Rainbow Sherbet 4, FOTD: Observations

Feb 06, 2011 21:57

Title: Observations
Main Story: In the Heart
Flavors, Toppings, Extras: FOTD (verdant: green, lacking experience), rainbow sherbet 4 (green), malt (PFAH: Jake, Clara, Lars : By your powers combined...), caramel, cherry (I hate writing introspection SO MUCH).
Word Count: 1451
Rating: PG.
Summary: Lars felt a little bit left out.
Notes: This story is basically an excuse to show off all but one of the third generation. Also, the malt is used in the sense of "it takes a village to raise a child," not Capain Planet.
There. Now you have the theme song stuck in your head too.


"I don't know how you guys do it," Lars said. "I mean, I really don't."
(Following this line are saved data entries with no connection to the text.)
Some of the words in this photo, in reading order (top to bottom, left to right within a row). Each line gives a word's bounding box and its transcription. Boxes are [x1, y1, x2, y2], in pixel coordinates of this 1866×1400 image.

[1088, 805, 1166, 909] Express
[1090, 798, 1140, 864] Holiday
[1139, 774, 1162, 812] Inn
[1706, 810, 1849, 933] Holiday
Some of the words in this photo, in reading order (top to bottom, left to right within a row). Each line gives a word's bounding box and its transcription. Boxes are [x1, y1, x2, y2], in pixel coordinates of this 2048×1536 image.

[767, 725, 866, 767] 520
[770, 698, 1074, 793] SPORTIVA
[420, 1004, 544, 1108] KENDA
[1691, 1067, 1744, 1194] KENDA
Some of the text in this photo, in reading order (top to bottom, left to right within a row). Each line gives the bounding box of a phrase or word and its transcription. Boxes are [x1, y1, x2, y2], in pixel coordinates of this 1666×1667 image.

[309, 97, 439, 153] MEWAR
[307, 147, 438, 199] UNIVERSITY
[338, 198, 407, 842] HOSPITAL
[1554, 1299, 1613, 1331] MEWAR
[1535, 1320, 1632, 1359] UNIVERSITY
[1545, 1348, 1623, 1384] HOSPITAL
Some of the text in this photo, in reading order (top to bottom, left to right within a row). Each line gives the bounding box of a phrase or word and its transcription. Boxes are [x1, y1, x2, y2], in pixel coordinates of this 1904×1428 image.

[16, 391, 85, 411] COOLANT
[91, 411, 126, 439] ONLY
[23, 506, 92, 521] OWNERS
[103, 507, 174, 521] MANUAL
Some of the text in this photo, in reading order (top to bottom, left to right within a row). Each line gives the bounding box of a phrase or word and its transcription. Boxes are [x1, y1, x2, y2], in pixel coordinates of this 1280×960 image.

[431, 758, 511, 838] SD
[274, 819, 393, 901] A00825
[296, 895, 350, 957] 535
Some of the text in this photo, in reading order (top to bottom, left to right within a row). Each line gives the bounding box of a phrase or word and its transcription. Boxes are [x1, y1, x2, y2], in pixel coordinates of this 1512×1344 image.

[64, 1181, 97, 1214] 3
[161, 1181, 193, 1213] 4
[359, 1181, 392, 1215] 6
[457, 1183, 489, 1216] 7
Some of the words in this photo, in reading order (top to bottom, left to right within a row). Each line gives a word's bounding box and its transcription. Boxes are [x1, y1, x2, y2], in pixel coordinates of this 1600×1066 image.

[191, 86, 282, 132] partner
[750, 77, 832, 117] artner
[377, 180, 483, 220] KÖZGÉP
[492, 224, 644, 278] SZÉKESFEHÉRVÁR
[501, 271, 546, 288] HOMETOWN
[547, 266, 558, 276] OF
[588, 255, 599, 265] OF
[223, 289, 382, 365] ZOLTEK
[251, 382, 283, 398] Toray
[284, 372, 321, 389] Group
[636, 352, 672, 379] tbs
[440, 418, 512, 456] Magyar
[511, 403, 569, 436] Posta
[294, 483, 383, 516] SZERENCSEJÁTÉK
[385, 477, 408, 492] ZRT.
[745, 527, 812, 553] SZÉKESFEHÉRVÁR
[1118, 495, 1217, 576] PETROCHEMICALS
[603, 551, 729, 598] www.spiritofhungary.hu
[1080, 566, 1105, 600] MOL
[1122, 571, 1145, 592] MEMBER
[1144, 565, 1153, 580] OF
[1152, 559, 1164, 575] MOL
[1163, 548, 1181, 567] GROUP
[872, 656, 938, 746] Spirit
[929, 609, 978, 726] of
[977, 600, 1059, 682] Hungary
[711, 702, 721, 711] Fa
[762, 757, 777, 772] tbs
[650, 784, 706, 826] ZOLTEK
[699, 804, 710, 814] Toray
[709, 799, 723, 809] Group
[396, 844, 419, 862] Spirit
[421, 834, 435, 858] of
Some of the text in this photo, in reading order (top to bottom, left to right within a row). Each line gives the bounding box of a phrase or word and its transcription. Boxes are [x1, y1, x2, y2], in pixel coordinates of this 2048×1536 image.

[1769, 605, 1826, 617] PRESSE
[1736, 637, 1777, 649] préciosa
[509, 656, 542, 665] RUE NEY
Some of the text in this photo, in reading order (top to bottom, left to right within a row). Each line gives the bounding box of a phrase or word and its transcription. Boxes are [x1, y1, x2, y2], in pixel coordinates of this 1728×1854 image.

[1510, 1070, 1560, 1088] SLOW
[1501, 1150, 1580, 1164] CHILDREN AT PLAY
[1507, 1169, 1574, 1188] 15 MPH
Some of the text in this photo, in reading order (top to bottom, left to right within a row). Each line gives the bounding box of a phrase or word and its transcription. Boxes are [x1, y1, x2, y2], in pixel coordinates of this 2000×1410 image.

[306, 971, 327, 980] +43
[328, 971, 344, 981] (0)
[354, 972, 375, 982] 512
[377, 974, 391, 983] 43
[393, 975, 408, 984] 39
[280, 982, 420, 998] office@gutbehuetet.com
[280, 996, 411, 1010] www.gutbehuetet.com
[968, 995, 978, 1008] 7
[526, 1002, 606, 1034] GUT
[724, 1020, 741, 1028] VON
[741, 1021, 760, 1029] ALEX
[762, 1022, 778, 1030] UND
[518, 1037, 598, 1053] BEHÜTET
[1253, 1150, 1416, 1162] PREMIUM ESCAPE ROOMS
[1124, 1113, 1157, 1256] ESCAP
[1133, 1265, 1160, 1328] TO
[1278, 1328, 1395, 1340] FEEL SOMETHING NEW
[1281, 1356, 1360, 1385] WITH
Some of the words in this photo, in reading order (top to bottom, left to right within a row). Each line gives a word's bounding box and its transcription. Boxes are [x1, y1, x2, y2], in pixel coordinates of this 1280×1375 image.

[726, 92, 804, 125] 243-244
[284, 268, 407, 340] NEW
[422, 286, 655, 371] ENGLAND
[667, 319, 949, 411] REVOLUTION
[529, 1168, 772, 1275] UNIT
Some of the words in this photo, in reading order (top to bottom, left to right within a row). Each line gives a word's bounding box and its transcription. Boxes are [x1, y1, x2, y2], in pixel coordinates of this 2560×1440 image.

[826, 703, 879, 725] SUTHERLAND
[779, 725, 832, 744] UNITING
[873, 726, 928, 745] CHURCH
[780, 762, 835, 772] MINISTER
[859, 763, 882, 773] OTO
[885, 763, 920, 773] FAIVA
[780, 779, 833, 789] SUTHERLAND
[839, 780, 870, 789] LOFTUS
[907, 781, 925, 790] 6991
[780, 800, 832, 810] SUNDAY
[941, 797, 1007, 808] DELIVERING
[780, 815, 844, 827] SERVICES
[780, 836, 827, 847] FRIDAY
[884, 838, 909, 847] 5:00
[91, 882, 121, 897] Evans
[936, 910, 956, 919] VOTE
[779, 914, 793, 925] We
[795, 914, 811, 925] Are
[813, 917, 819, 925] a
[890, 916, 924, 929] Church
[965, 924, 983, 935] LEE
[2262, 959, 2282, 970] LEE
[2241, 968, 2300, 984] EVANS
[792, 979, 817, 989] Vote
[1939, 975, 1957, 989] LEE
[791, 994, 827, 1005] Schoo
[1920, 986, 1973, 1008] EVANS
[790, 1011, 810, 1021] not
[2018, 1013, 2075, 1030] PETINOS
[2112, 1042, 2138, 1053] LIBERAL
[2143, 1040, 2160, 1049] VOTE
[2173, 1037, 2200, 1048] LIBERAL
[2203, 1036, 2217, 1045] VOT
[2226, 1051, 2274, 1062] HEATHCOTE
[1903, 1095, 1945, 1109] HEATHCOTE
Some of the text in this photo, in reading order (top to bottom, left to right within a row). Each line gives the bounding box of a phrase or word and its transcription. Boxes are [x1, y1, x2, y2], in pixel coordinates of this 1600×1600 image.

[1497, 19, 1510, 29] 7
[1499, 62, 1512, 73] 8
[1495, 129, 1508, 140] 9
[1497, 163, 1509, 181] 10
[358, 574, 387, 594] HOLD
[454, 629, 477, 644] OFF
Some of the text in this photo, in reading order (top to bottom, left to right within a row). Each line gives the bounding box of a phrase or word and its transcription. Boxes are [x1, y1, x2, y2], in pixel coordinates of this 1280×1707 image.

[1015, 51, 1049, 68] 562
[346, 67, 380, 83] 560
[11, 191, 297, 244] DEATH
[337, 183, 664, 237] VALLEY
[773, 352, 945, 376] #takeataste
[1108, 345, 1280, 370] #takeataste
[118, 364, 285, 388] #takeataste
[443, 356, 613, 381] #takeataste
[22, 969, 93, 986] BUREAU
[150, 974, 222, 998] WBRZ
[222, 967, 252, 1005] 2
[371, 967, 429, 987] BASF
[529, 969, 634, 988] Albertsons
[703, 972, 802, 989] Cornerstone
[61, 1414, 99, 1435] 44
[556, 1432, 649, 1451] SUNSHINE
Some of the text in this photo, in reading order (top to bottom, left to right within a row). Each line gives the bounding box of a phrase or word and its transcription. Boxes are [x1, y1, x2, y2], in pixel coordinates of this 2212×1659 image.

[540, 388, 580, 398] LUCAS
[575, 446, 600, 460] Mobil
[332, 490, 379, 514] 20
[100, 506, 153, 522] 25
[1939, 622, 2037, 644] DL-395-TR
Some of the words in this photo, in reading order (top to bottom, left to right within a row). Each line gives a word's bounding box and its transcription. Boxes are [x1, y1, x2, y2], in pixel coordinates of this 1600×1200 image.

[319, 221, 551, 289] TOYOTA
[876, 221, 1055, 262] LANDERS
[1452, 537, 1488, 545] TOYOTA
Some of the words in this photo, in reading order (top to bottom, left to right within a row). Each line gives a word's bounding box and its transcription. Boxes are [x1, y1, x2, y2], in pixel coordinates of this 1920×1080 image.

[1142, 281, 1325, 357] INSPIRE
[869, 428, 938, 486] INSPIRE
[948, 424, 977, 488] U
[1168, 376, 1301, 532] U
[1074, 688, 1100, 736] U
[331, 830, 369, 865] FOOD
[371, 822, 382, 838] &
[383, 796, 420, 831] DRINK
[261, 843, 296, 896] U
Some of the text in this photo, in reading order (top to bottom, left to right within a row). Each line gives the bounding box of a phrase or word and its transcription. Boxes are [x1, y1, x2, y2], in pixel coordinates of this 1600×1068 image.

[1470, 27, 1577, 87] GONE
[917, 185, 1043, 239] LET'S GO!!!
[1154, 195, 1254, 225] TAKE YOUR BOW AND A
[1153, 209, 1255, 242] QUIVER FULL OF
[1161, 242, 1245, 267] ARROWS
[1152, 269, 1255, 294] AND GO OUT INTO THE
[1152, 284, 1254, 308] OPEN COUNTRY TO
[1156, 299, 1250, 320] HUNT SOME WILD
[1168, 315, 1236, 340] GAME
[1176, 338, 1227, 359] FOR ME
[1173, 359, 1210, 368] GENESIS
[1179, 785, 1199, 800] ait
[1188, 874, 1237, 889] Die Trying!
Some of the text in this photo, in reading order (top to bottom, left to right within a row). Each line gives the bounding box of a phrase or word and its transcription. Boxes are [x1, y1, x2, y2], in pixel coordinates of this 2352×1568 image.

Jake glanced up from his youngest daughter, who slept peacefully in his arms, and shrugged. "I don't know either," he said. "I make it up as I go along, mostly. Seems to be working."

"No, but seriously," Lars said. "You've got three kids and you're seriously telling me you don't know how you do it?"

Jake smiled, or at least stretched his lips and bared his teeth. "Oh, trust me. When Elena is screaming for no apparent reason and Vivian has an earache and Felicity is sneaking out of bed at ungodly hours of the night, no, I do not know how I do it. I do know that it involves several boatloads of caffeine."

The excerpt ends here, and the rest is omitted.